The sheltered stretch between insignificant waterfall and giant willows attracts wildlife, and their tracks through the snow—deer and coyote, mostly—come at the creek almost at right angles, trails purposeful and straight from orchard and across meadow. The surface of the snow, both in the open and under the trees, is dimpled now with small craters, shrunken heavily down to earth, pulled by the weight of crystals becoming liquid again. As the crystals melt, they leave their impurities behind. Trees here are on the scrubby side—small, lichen-garbed maples, shallow-rooted quaking aspen (locally known as ‘popple’), young ash trees and now and again a black cherry, straight and tall, its high clusters of fruit black now in midwinter. Many trees have lost limbs. Some entire trees have been felled by wind since autumn. At the base of each standing tree today is a hollow in the snow.
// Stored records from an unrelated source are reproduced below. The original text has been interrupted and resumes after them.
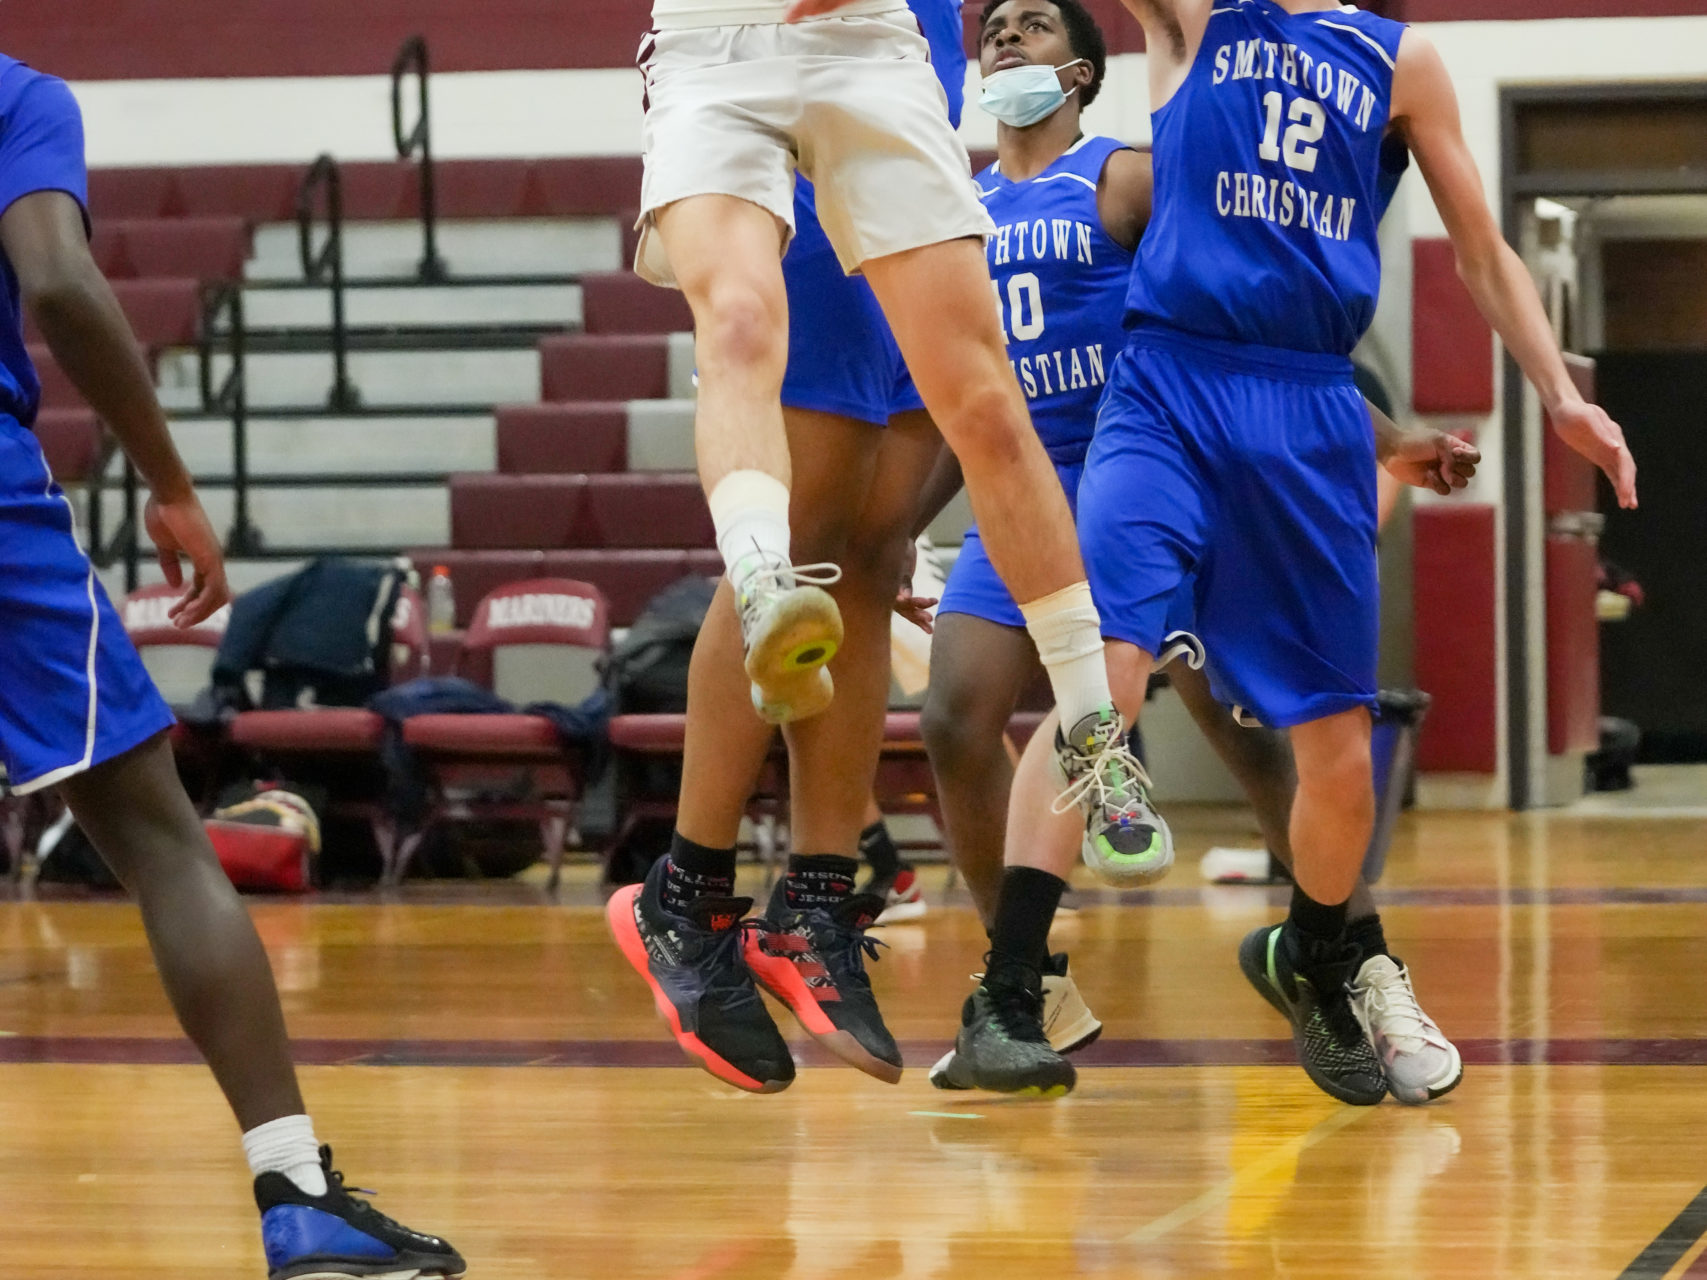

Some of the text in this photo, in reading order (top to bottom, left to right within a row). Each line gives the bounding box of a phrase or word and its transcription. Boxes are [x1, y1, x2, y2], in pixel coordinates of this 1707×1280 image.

[1212, 38, 1377, 133] SMITHTOWN
[1258, 90, 1327, 173] 12
[1215, 170, 1357, 242] CHRISTIAN
[487, 592, 597, 629] MARINERS
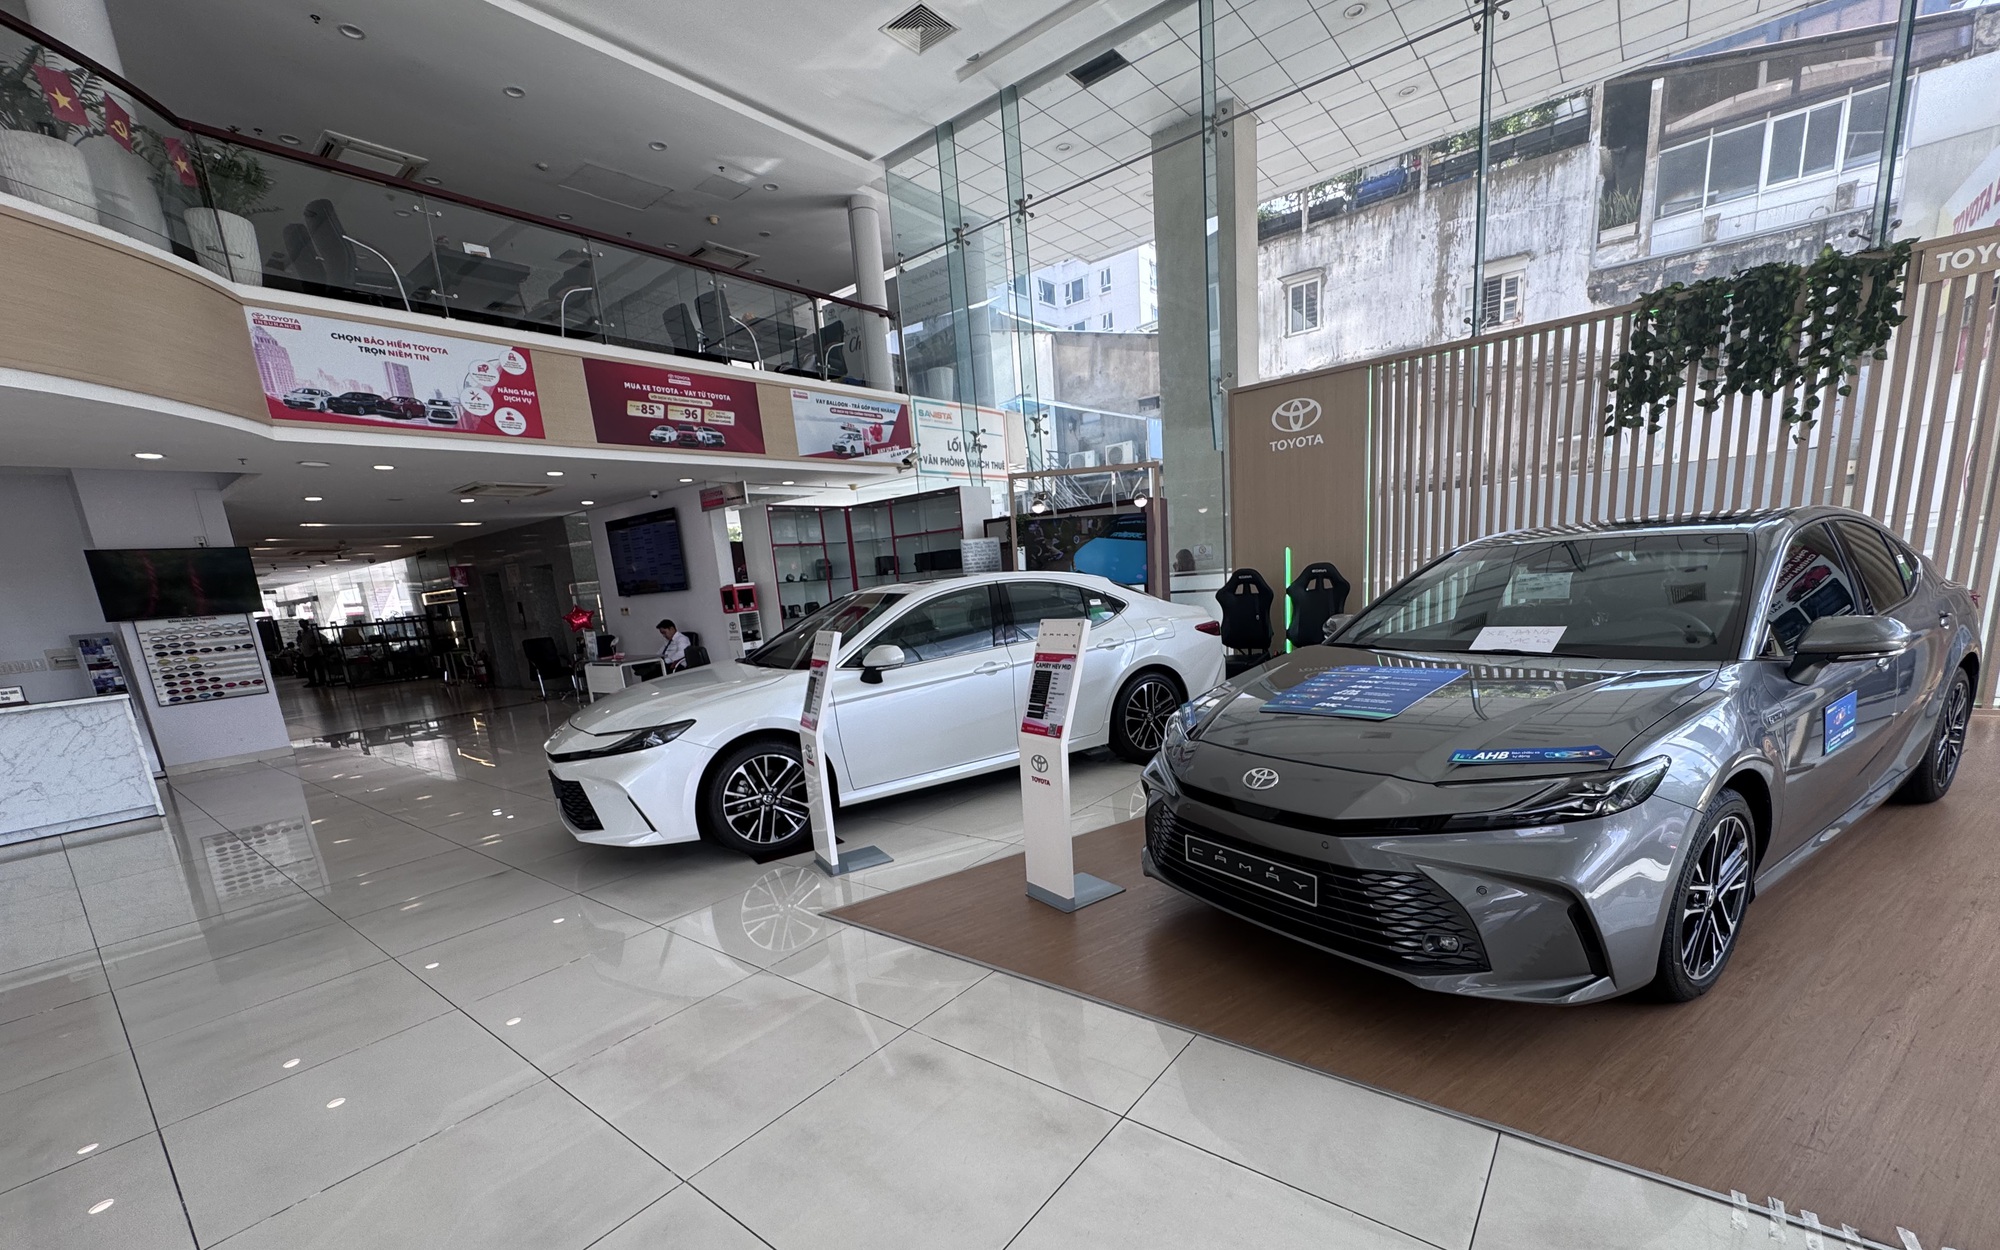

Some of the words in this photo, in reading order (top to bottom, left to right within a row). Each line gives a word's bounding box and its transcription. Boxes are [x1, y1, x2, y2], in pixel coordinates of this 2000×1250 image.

[1936, 242, 2000, 273] TOY
[255, 319, 300, 330] INSURANCE
[265, 314, 300, 324] TOYOTA
[330, 332, 362, 344] CHỌN
[363, 336, 385, 346] BẢO
[386, 340, 411, 349] HIỂM
[412, 343, 449, 356] TOYOTA
[357, 345, 387, 357] TRỌN
[414, 353, 430, 361] TIN
[497, 387, 520, 396] NÂNG
[624, 381, 641, 391] MUA
[642, 384, 651, 392] XE
[652, 385, 679, 396] TOYOTA
[683, 389, 697, 398] VAY
[707, 392, 731, 402] TOYOTA
[503, 395, 521, 403] DỊCH
[521, 397, 532, 405] VỤ
[826, 399, 848, 408] BALLOON
[684, 408, 698, 420] 96
[918, 409, 952, 420] SAVISTA
[947, 436, 962, 452] LỐI
[1269, 433, 1324, 452] TOYOTA
[922, 454, 939, 465] VĂN
[940, 456, 965, 467] PHÒNG
[1473, 751, 1510, 760] AHB
[1031, 775, 1051, 786] TOYOTA
In the current thaw, the little creek itself, ice-covered four weeks ago, is darkly visible between its steep, snowy, brush-tangled banks. Certain stretches look almost still, reflecting as perfectly as a mirror the branches above, silt and dead leaves settled to the bottom, a bed that shows dark brown, almost black beneath the clear, cold water. In other stretches, where the flow is obstructed by fallen branches or tumbles of rock, the creek talks quietly to itself. Those sounds today are too slight to be called gurgling. The word purling describes the sound better. A quiet, gentle murmur.
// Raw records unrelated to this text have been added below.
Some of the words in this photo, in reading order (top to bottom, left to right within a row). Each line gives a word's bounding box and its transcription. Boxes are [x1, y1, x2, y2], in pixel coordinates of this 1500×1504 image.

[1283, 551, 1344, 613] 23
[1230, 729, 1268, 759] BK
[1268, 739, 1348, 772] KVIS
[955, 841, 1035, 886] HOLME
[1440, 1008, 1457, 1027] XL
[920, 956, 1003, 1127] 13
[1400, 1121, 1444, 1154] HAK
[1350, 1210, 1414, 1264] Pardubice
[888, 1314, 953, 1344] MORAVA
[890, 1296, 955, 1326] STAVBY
When the breeze catches them, dangling clusters of tiny rosehips (red, orange, yellow) bounce in the winter air, while high off the ground the top branches of pine trees sway in a stronger wind, sending their sharp, resiny odor abroad in soft, passing bursts. The wind has left the mark of its work on several trees—places where a neighboring branch has rubbed and rubbed, sanding away the bark to expose the underlying cambium layer.






Here on the south bank, outside the tangle of trees, there are dry grasses, Queen-Anne’s-lace and thistles bobbing and whispering in intermittent sunlight. Each thistle is a miracle of complexity.

From out on the highway comes the noise of traffic. From far to the southwest, southwest of Claudia’s woods, comes the yipping of coyotes.